The reason you focus on the front sight is that if the target is blurry, the possible aim error from trying to hold the tip of the front sight against the blurry edge of the target will only be as big as the blurred edge appears – a quite small distance actually. But, if the front sight is blurry, you will not notice small misalignments of the sight, which, due to the geometry differences between where your eye is looking and where the sight/barrel is looking, translate into enormous errors at the target.

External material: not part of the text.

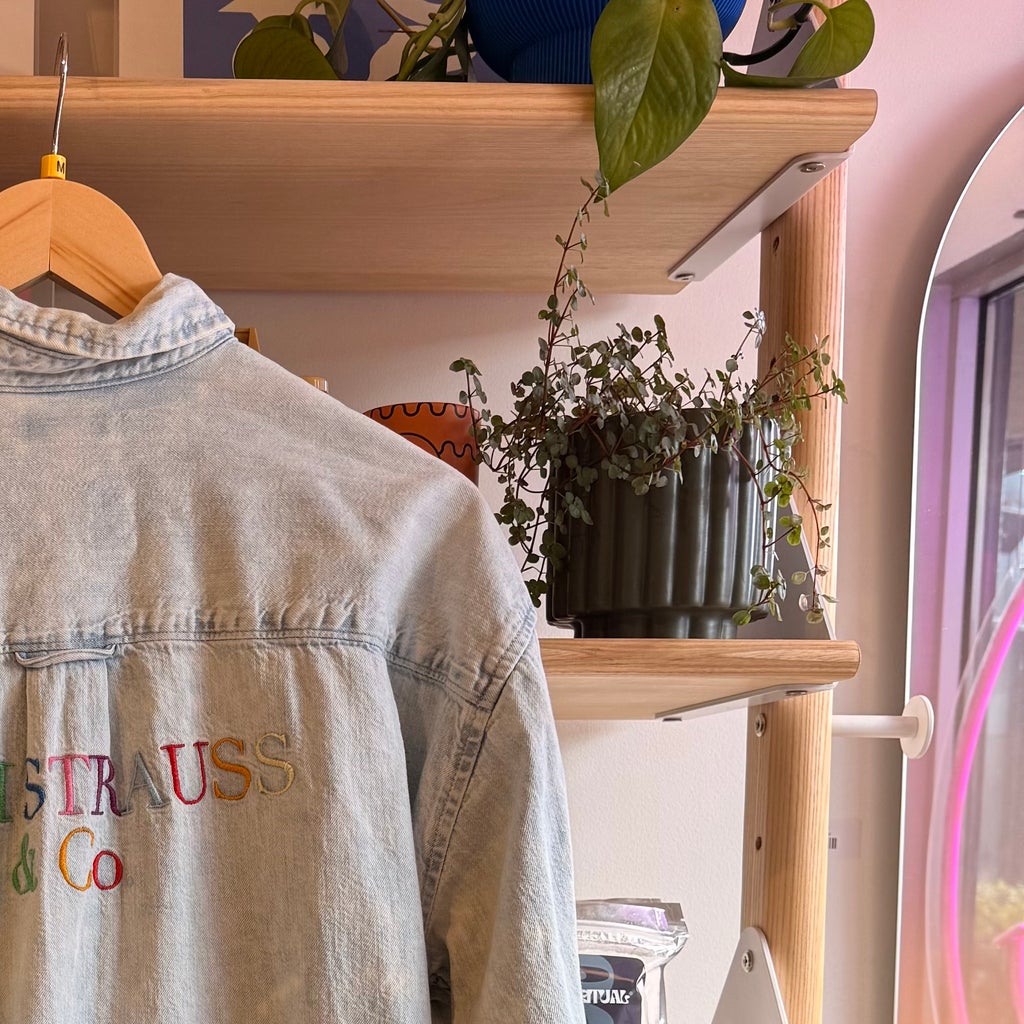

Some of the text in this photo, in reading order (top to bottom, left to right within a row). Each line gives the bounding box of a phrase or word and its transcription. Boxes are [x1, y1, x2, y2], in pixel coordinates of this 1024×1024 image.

[56, 160, 65, 174] M
[23, 731, 297, 821] STRAUSS
[12, 826, 124, 895] & Co

If you keep your eye on the front sight and achieve a proper trigger release, you should know where the sight was when you fired. Where the sight goes, the shot goes, and you can "call" its probable point of impact based on your seeing where your front sight was in relation to the target at the instant of firing. There is more on calling your shots, below. You absolutely need to learn how to do this because it is about the only thing that allows self-analysis and self-correction. If you knew that you threw a shot in a given direction, then you can help tell the difference between a shot that went wide due to your aim error, and one that went wide for some other reason. If you don't know when you pulled one, you can't even determine which problem you need to solve.
There are three main ways you can hold the front sight against the bullseye. The first is the 6-o’clock hold. The top of the post is just under the bottom center edge of the target. You may just touch the black, or leave a thin line of white between the top of the post and the black.
The second is the "flat tire" hold. The tip of the post intrudes upward about one-quarter of the way into the bull.
The last is the center-of-mass hold. The top surface of the post comes up to the center of the target.
I prefer the 6-o’clock hold because it gives me a clear contrast between the front sight and the white part of the target, and a clear contrast between the edge of the sight and the edge of the bull. Holding into the black can get tricky, because you now see black-against-black without a clear dividing reference and it becomes hard to make sure your sight is in exactly the same place from shot to shot.
The main requirements are to have that reproducible, consistent face/eye placement every shot, and to focus on the front sight.
Trigger control
The primary requirement is to release the shot without disturbing your aim. The great enemy of this is the flinch.
If you have a tendency to flinch with anticipated recoil, you can cure this by developing the "surprise break." This is a gradual increase of pressure until the discharge happens without your knowledge of the exact instant it will happen. The flinch is a result of a trigger press which is fast enough to fire almost immediately as it is applied. Therefore, your brain knows that as soon as it directs the trigger finger to start pressing, there will be an immediate recoil pulse, so your subconscious throws in the flinch reflex in the instant between your brain saying "pull the trigger" and the shot actually firing.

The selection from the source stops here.